Photo by Dawid Zawila
Dear Readers,
As the Windhorse approach is a form of contemplative psychotherapy, it is rooted in a whole person perspective. This points to viewing a person in the entirety of their being: their physical, social, and mental-spiritual world. And as it’s becoming more widely recognized that mental health challenges are a whole person phenomenon, leaders in psychology as well as the faith communities have begun to identify the need to better integrate psychological and spiritual approaches in order to optimize conditions for recovery.

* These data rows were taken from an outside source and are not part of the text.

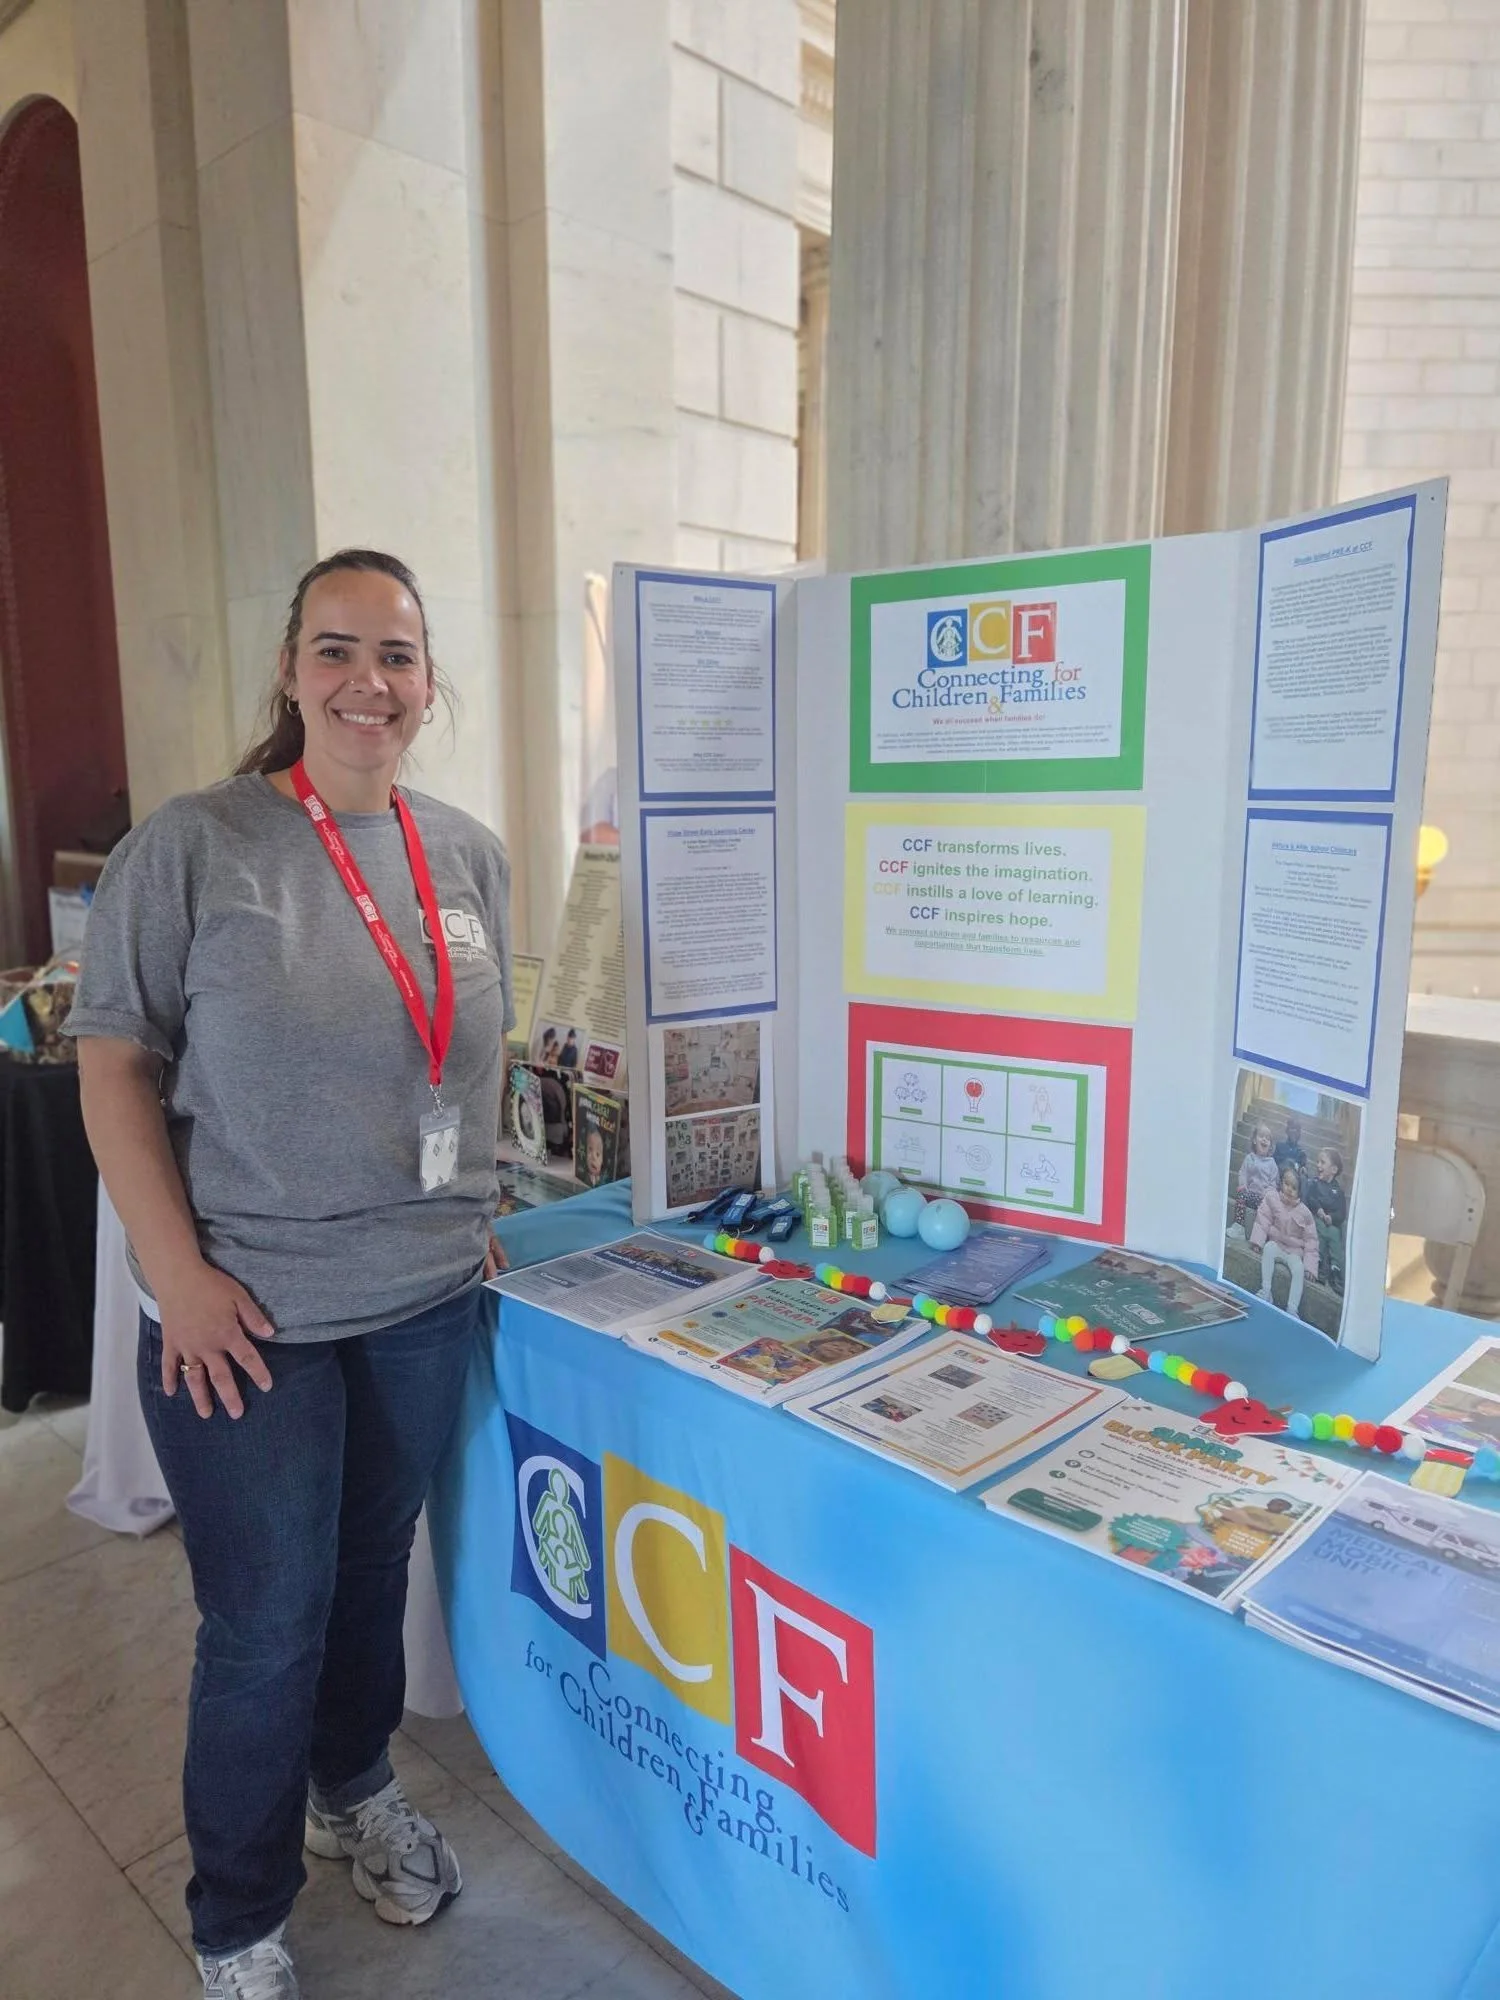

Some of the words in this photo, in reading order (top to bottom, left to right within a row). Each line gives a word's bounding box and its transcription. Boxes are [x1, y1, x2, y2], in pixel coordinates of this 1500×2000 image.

[930, 607, 1053, 662] CCF
[917, 665, 1044, 690] Connecting
[1053, 661, 1082, 683] for
[892, 686, 988, 709] Children
[988, 697, 1005, 715] &
[1000, 682, 1087, 704] Families
[902, 838, 933, 852] CCF
[937, 841, 1020, 855] transforms
[1025, 842, 1067, 857] lives.
[879, 860, 909, 873] CCF
[912, 861, 962, 877] ignites
[966, 864, 990, 877] the
[994, 864, 1093, 882] imagination.
[873, 882, 902, 895] CCF
[906, 884, 954, 899] instills
[958, 889, 967, 900] a
[971, 887, 1003, 901] love
[1008, 889, 1025, 902] of
[1028, 890, 1099, 909] learning.
[910, 906, 940, 920] CCF
[944, 909, 1004, 925] inspires
[1009, 910, 1053, 928] hope.
[885, 926, 897, 935] We
[930, 929, 960, 938] children
[962, 931, 976, 939] and
[978, 932, 1009, 942] families
[1011, 934, 1020, 942] to
[1022, 936, 1062, 945] resources
[1065, 938, 1081, 947] and
[914, 940, 964, 950] opportunities
[966, 941, 981, 950] that
[983, 943, 1022, 953] transform
[748, 1293, 822, 1328] PROGRAMS
[1103, 1420, 1182, 1456] BLOCK
[1184, 1448, 1278, 1486] PARTY
[1312, 1547, 1375, 1576] UNIT
[1328, 1527, 1444, 1577] MEDICAL
[518, 1455, 848, 1768] CCF
[588, 1661, 774, 1833] Connecting
[525, 1641, 553, 1678] for
[560, 1671, 683, 1794] Children
[698, 1780, 850, 1913] Families

One of the national leaders in this recognition is the Interfaith Network On Mental Illness, which was co-founded in Boulder, Colorado in 2007 by Joanne Kelly and Reverand Alan Johnson… Below is a statement from their website (info@inmi.us):
Our mission is to increase awareness and understanding of mental illness among clergy, staff, lay leaders, and members of faith communities. We also seek to educate therapeutic professionals, family members, and the general public about simple things that can help someone struggling with a mental illness, including their spirituality/faith. We aim to help everyone, especially faith communities, more effectively develop and nurture supportive environments for persons dealing with mental illnesses, as well as their families and friends.

Ken Pargament
Another leader is psychologist Dr. Ken Pargament. He has been on the vanguard of this evolution as a clinician, teacher, and author, and his book Spiritually Integrated Psychotherapy is a seminal work in this emerging area of study and practice. On May 16 – 18 of this year, Dr. Pargament was the featured presenter in a conference organized by INMI and co-sponsored by Windhorse Community Services. The conference was titled, Sacred Matters: Integrating Spirituality into Mental Health Care and Mental Health Care into Faith Communities.

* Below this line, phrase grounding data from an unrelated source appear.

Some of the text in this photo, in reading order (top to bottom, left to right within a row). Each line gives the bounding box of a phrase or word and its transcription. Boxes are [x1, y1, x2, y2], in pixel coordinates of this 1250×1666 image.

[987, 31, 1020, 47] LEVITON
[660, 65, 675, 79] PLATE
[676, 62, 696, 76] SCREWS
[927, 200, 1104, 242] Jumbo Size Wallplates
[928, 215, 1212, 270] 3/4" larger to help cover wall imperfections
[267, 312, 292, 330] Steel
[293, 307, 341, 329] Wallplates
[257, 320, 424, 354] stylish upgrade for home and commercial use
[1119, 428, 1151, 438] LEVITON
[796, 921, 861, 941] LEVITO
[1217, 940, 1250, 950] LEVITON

Just prior to the start of the conference, Dr Pargament participated in a podcast recording that will be aired June 8th, on the Windhorse Journal. As a preparatory companion to the topics covered in the podcast, below is an excerpt from Spiritually Integrated Psychotherapy (pages 342 – 345). We hope you find this as inspiring and useful as we do, and we invite you listen to the lively and informative conversation captured in our podcast.
NO NEED TO WHISPER
Throughout this book, I have encouraged clinicians to take a closer look at the spiritual dimension of life. In the process, I hope it has become clear that there is no longer any need to whisper about spirituality in psychotherapy— not to our clients, not to other therapists, and not to ourselves. Let me highlight four reasons why it makes good sense to give spirituality a greater voice in psychotherapy.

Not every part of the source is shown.